Eine solche Berufung hat die Beschwerdeführerin aber unzweifelhaft nicht erhoben. Auf Vorhalt des Finanzamtes hatte der damalige Rechtsvertreter der Beschwerdeführerin mit Schriftsatz vom 9. Mai 2005 ausdrücklich erklärt, dass sich die Berufung der Beschwerdeführerin gegen den Haftungsbescheid richte. Dass die Beschwerdeführerin auch gegen die Abgabenvorschreibung gegenüber der Primärschuldnerin Berufung hätte erheben wollen, ist aus diesem - einzigen die Berufung präzisierenden - Schreiben nicht erkennbar (vgl. zur Beurteilung von Anbringen der Partei die bei Ritz, BAO3, Tz 1 zu § 85 angeführte hg. Rechtsprechung). Bereits auf Grund des Umstandes, das die Beschwerdeführerin durch berufsmäßige Parteienvertreter vertreten war, war die Abgabenbehörde auch nicht zu deren Rechtsbelehrung (§ 113 BAO) verpflichtet. Auf die Kenntnis der Bestimmung des § 248 BAO durch den Parteienvertreter kommt es dabei nicht an.

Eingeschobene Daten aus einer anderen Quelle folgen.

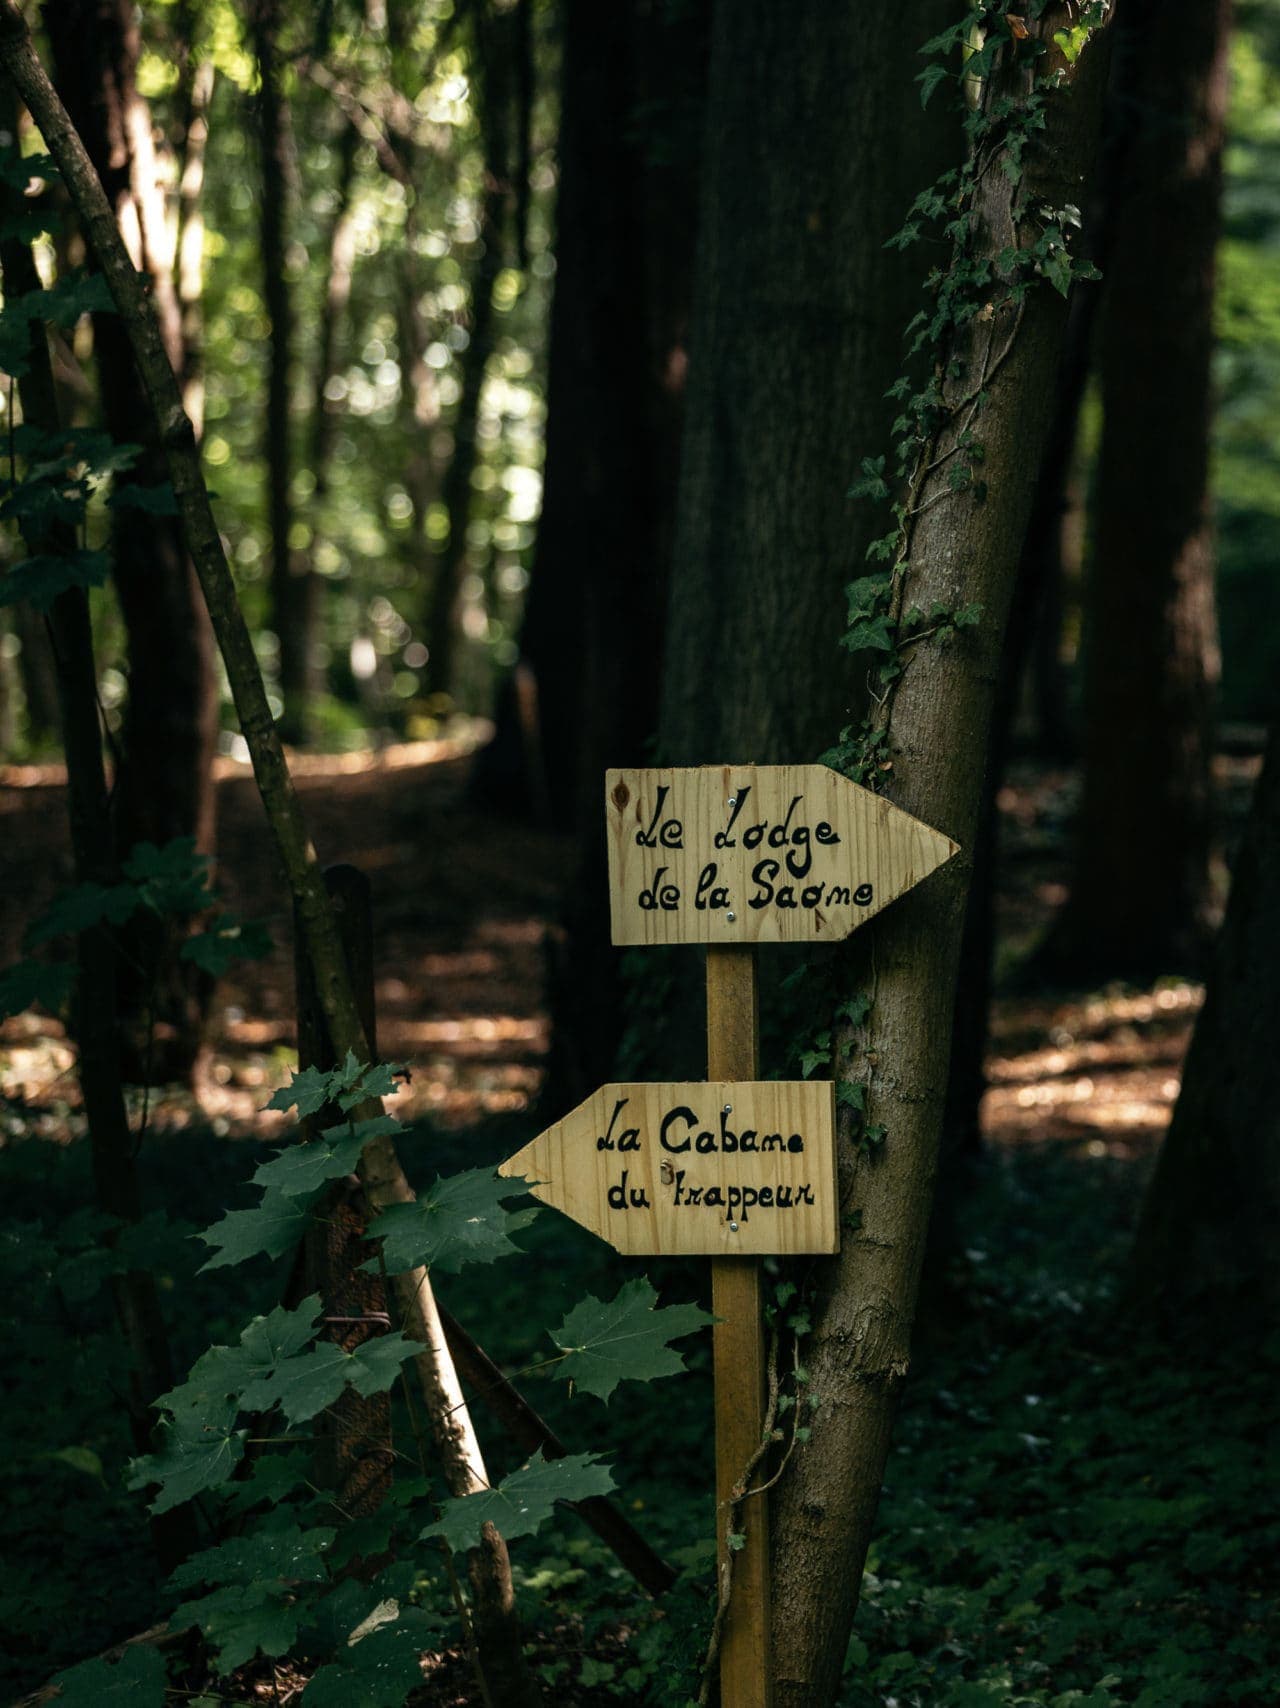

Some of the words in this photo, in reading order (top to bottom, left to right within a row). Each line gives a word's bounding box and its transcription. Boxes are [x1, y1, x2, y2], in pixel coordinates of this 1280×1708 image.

Schon daraus ergibt sich, dass die Beschwerdeführerin dadurch, dass mit dem angefochtenen Bescheid ausschließlich über deren Haftungsinanspruchnahme, nicht aber auch über den Abgabenanspruch gegenüber der R GmbH abgesprochen wurde, nicht in ihren Rechten verletzt wurde.

Die Beschwerde erweist sich somit als unbegründet und war daher gemäß § 42 Abs. 1 VwGG abzuweisen.

Da die Schriftsätze der Parteien des verwaltungsgerichtlichen Verfahrens und die dem Verwaltungsgerichtshof vorgelegten Akten erkennen lassen, dass die mündliche Erörterung eine weitere Klärung der Rechtssache nicht erwarten lässt, und Art. 6 Abs. 1 der Konvention zum Schutze der Menschenrechte und Grundfreiheiten, BGBl. Nr. 210/1958, dem nicht entgegensteht, konnte gemäß § 39 Abs. 2 Z 6 VwGG von der beantragten Verhandlung abgesehen werden.

Die Kostenentscheidung stützt sich auf die §§ 47 ff VwGG in Verbindung mit der Verordnung BGBl. II Nr. 455/2008.